Le propriétaire d’un autre salon, désirant garder l’anonymat par peur d’une plus grande répression policière, trouve cela suspect. « La situation actuelle n’est pas nette », dit-il, avant d’expliquer qu’un avocat a été engagé pour étudier les possibilités de recours. « Les démarches sont longues et coûteuses. Plus on avance dans le temps sans détenir de permis et plus les filles ont peur de venir travailler. Elles s’exposent à de lourdes amendes, elles aussi, quand elles continuent à travailler pour un exploitant qui n’a plus de permis. Le nouveau règlement municipal a été voté le 16 janvier et le 19, la police débarquait pour donner des contraventions pour tout le monde présent au salon. [Nos employées] quittent les beaux salons pour aller dans des endroits plus underground, qui passent sous le radar de la police. »

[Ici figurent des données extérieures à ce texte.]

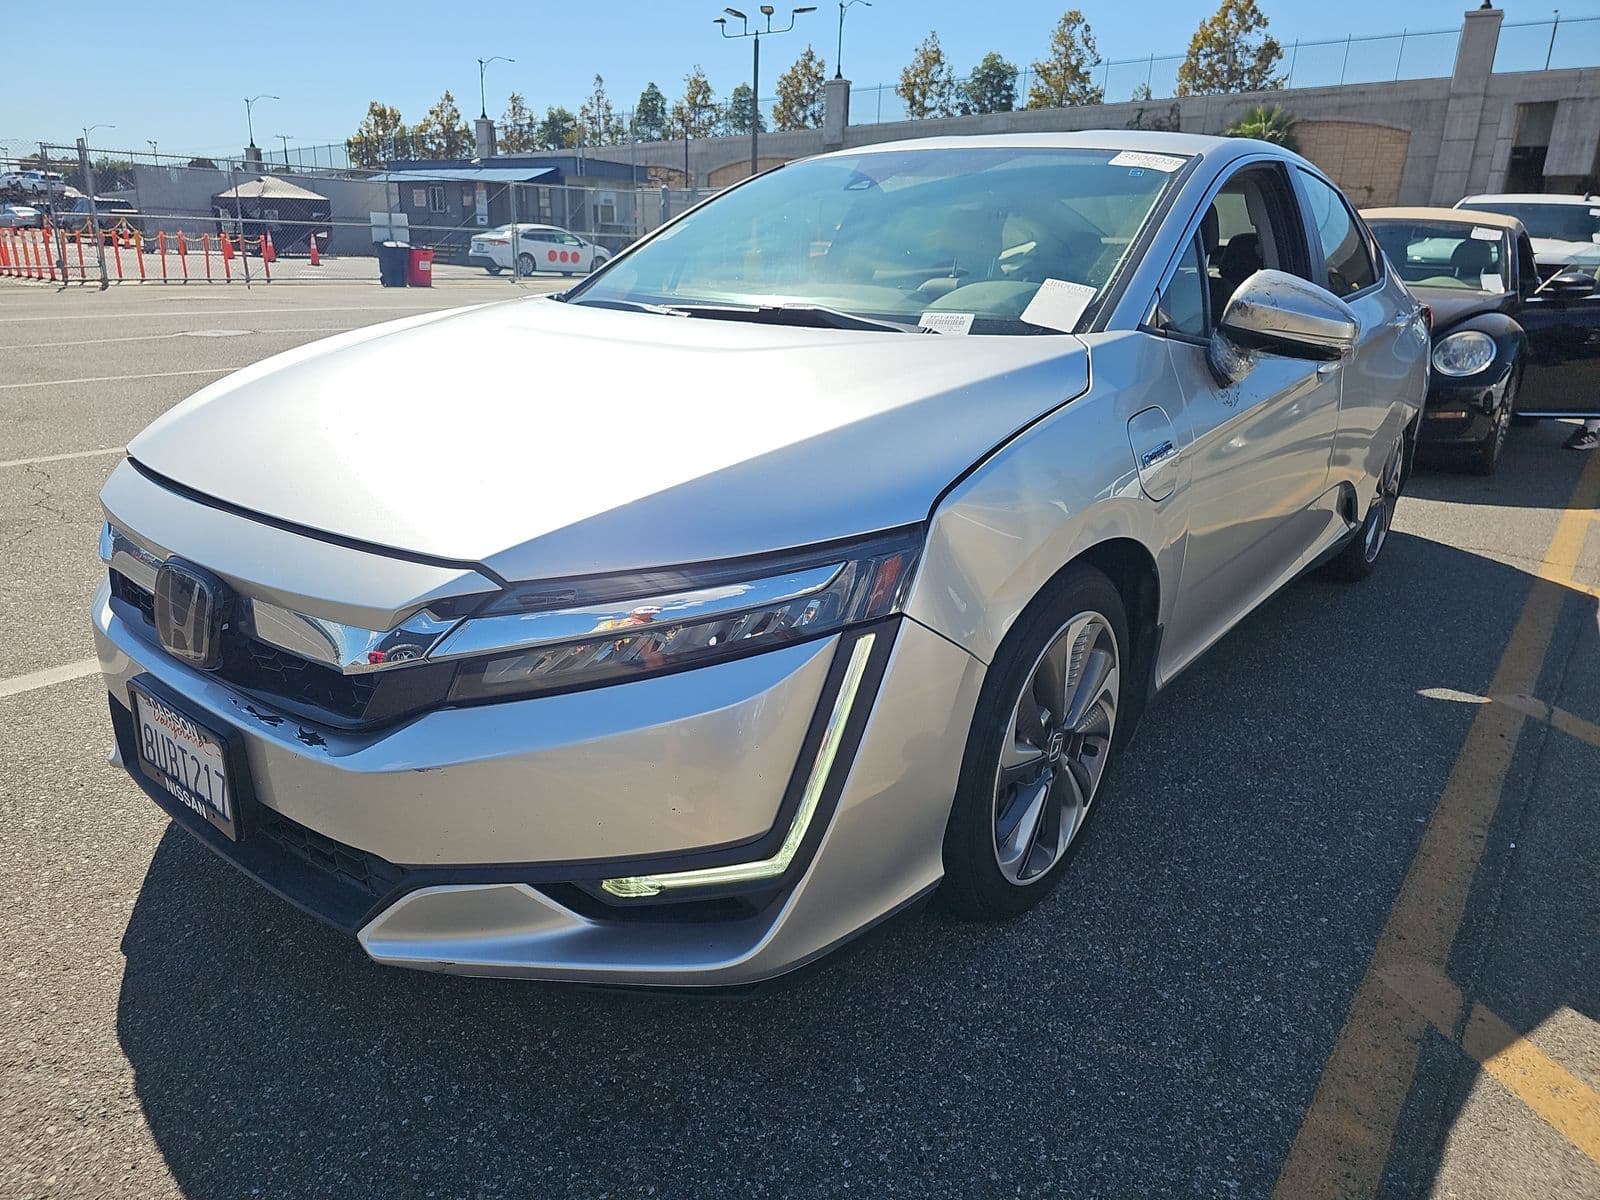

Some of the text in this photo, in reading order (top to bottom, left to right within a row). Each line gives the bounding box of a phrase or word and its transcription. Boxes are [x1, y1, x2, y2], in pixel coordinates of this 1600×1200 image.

[149, 697, 199, 741] CARSON
[143, 723, 226, 819] 8UBT217
[164, 776, 207, 819] NISSAN

Le propriétaire du salon maintenant illégal se désole, racontant que lors de l’intervention policière, un policier aurait pris la photo d’une masseuse, nue, sortant de la douche. L’employée se serait alors sentie menacée. « La police se moque du tort qu’elle nous fait. La Ville veut nous fermer coûte que coûte, même si elle sait que chez moi, les filles sont traitées avec respect et que je n’accepte pas de prostitution. » La police de Laval confirme que des photos peuvent être prises, mais uniquement pour être utilisées comme éléments de preuve.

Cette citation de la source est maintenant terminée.